The photographers had proposed the picture because it showed her hugging a friend and they felt it captured the emotion of the election victory. But when Mike and I looked at it, we found it a little bland. Worse, it was not a flattering picture of McLeod. We’ve all had pictures taken that don’t show us looking our best. On McLeod’s night of victory, she deserved a front-page picture of herself looking happy and pleasant.
The picture we settled on, I think, depicts McLeod in the appropriate way.
It was about midnight when “the desk” (which designs our news pages) printed a first proof of the front page. Earlier in the evening, I’d approved a headline that read, “Here We Go Again!” It was a simple statement about the fact we were going to have yet another minority government — the third in a row — in Ottawa.
But page one was then designed with the headline overlain on McLeod’s picture. Alarm bells went off. It seemed to me the headline, when placed on top of the picture, could be interpreted as negative. It could even be seen to be a slight against both McLeod and retiring MP Betty Hinton, as in, “Oh, great, we’re getting more of the same in Ottawa.”
(Incidentally, a picture we published on the front page of Tuesday’s edition was the subject of much discussion in the newsroom. The picture showed a small sea of election signs, but Liberal candidate Ken Sommerfeld’s was not among them. Several of us saw it the moment we picked up the paper Tuesday morning. It turned out that a better picture, one with Sommerfeld’s sign in it, had been passed over for the other. An easy error and certainly unintentional, but important if you’re a Liberal supporter. That’s what I mean when I say we sometimes fail.)
Pooling our creative genius, we mulled over a few alternatives for the election headline. The most clever and popular was “Deja Blue,” a reference to Tory Blue returning for another term in government. But, my paranoid mind surmised that the “blue” reference could be interpreted by some (who might not get the play on words) as a suggestion the country should be depressed about the Conservative victory.
I thought about “Cathy McLeod, That’s Who,” which captured the whole issue around her lack of name recognition (the “Cathy Who?” label) going into the campaign, and that she would now be a household name.

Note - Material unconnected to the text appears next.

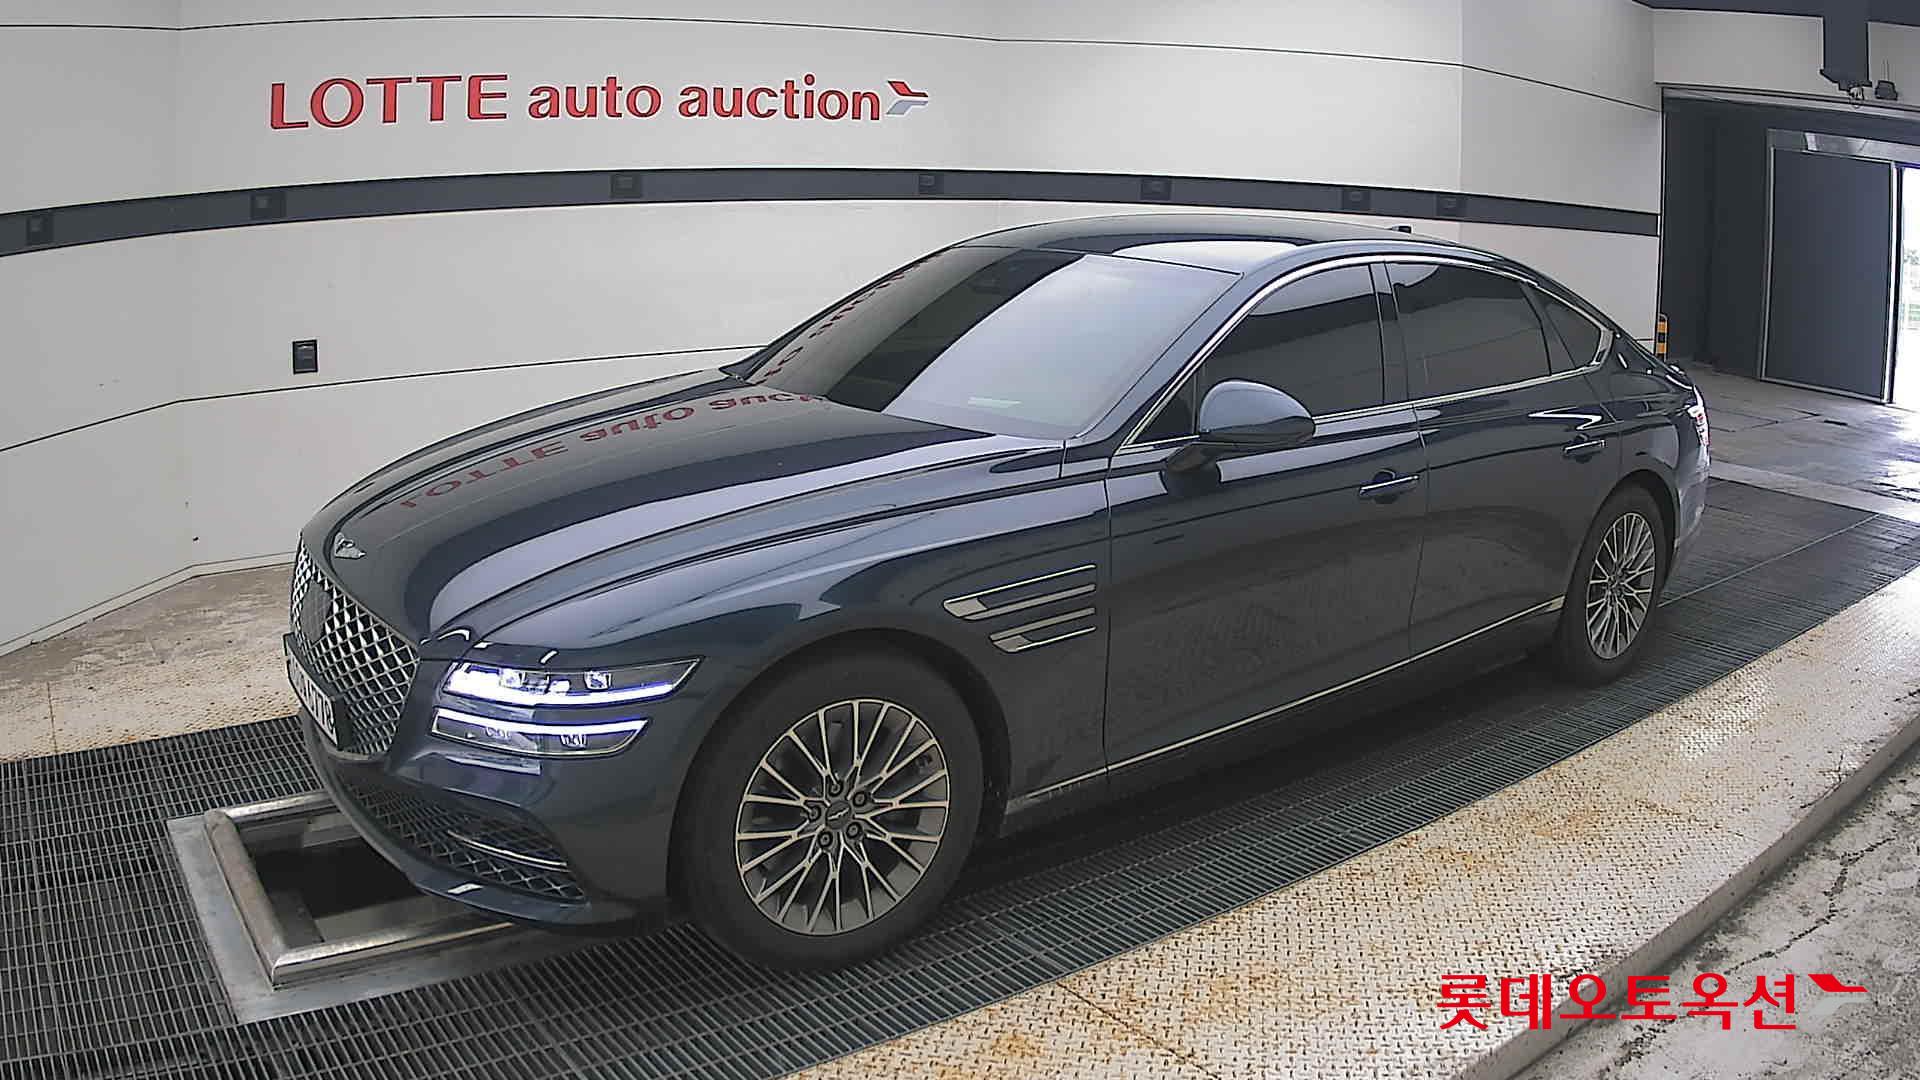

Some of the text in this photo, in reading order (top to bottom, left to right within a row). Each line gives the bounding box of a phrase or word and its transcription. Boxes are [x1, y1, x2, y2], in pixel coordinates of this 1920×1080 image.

But, we went with “Another Tory Minority,” not clever, not a grabber, but safe, and descriptive. It might have had something to do with the fact that our 12:30 deadline was fast approaching, and that it was time to button everything up and send it down to the press room. Sometimes, facing a deadline, you have to compromise and just get it done. We made our deadline with a minute to spare, and the pressroom made theirs by the same margin, firing up the press at 12:59 a.m.

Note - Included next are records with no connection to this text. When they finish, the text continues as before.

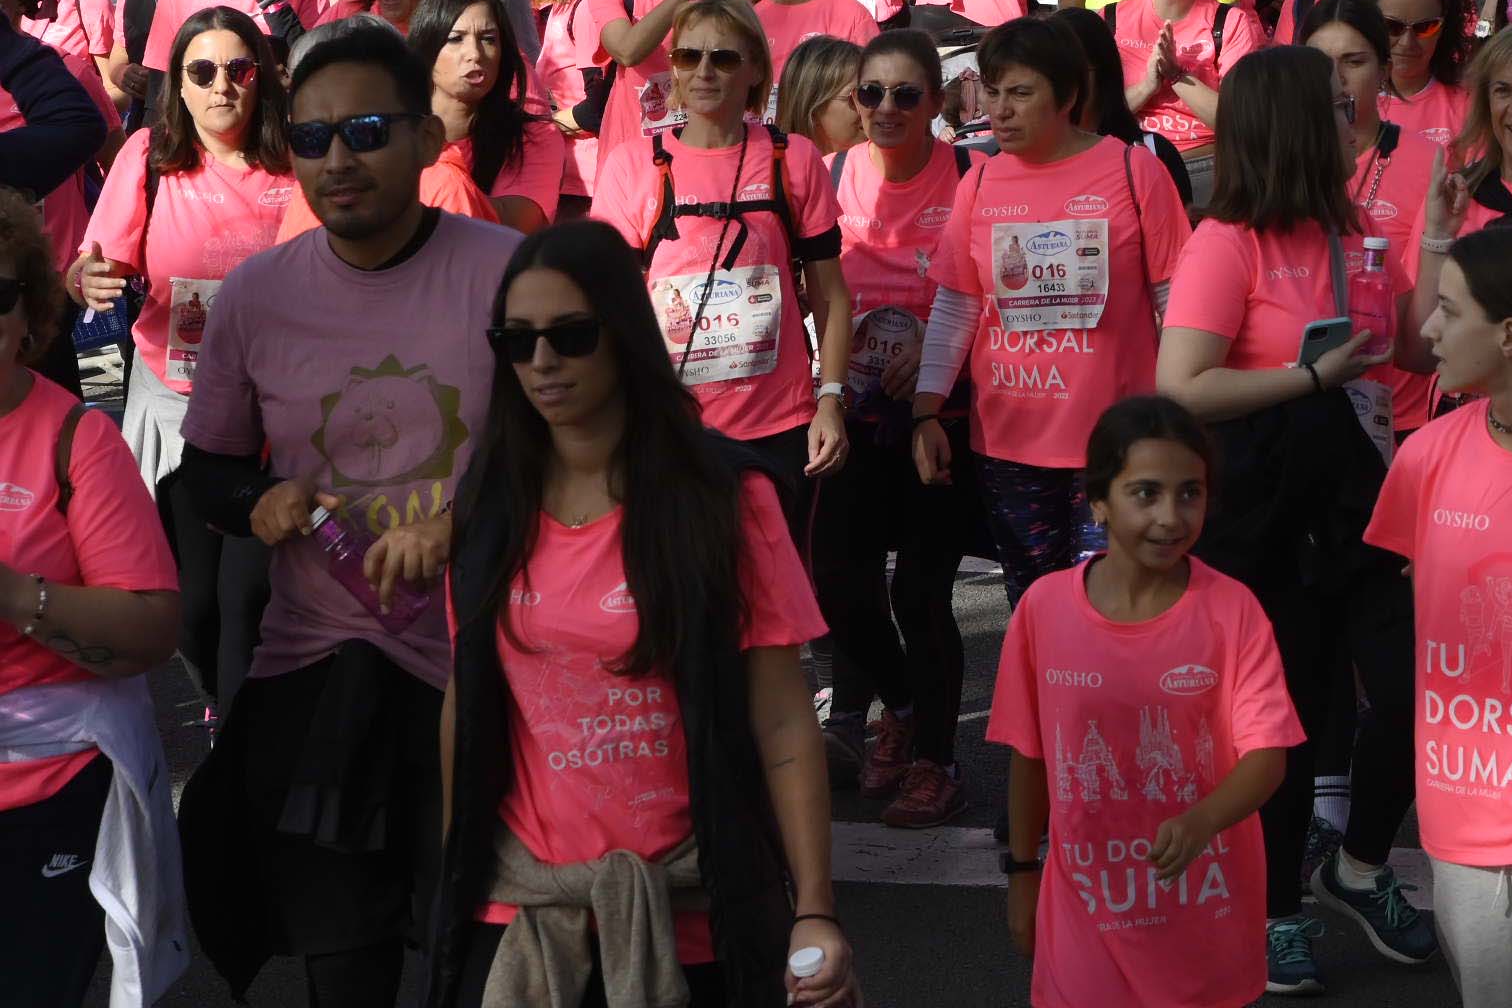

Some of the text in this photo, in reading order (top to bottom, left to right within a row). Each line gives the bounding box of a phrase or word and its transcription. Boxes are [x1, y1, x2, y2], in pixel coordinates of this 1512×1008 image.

[647, 194, 698, 211] OHO
[981, 203, 1029, 217] OYSHO
[1031, 263, 1067, 280] 016
[693, 288, 740, 304] ATURIANA
[1037, 282, 1066, 294] 16433
[1008, 297, 1039, 307] CARRERA
[1040, 297, 1051, 305] DE
[1051, 297, 1061, 305] LA
[698, 312, 740, 332] 016
[1006, 311, 1042, 324] OYSHO
[703, 332, 737, 347] 33056
[867, 335, 904, 357] 016
[989, 325, 1095, 354] DORSAL
[682, 366, 710, 378] YSHO
[991, 361, 1066, 391] SUMA
[1433, 507, 1491, 532] OYSHO
[1425, 639, 1465, 678] TU
[1046, 667, 1104, 689] OYSHO
[607, 687, 662, 707] POR
[577, 712, 667, 736] TODAS
[1061, 833, 1231, 868] TU DOAL
[48, 853, 79, 869] NIKE
[1072, 861, 1231, 915] SUMA

If politics is a game of compromise, so is reporting on politics.
I am unsure how to feel about the results of this election. I will say I am a little surprised at the outcome. I can honestly say I fully expected the NDP to win here, and I do not know anybody who will admit to voting Conservative. It was nice to see the Greens do as well as they did and I was not surprised at all by the Liberal showing. The only exposure I had to the Liberal candidate this whole election was the Ken Sommerfeld signs that seemed to be on every property, usually in groups of four or five and that made me less likely to want to vote for him.
Anyway, I don’t really have a point, but I like your blog it’s alright.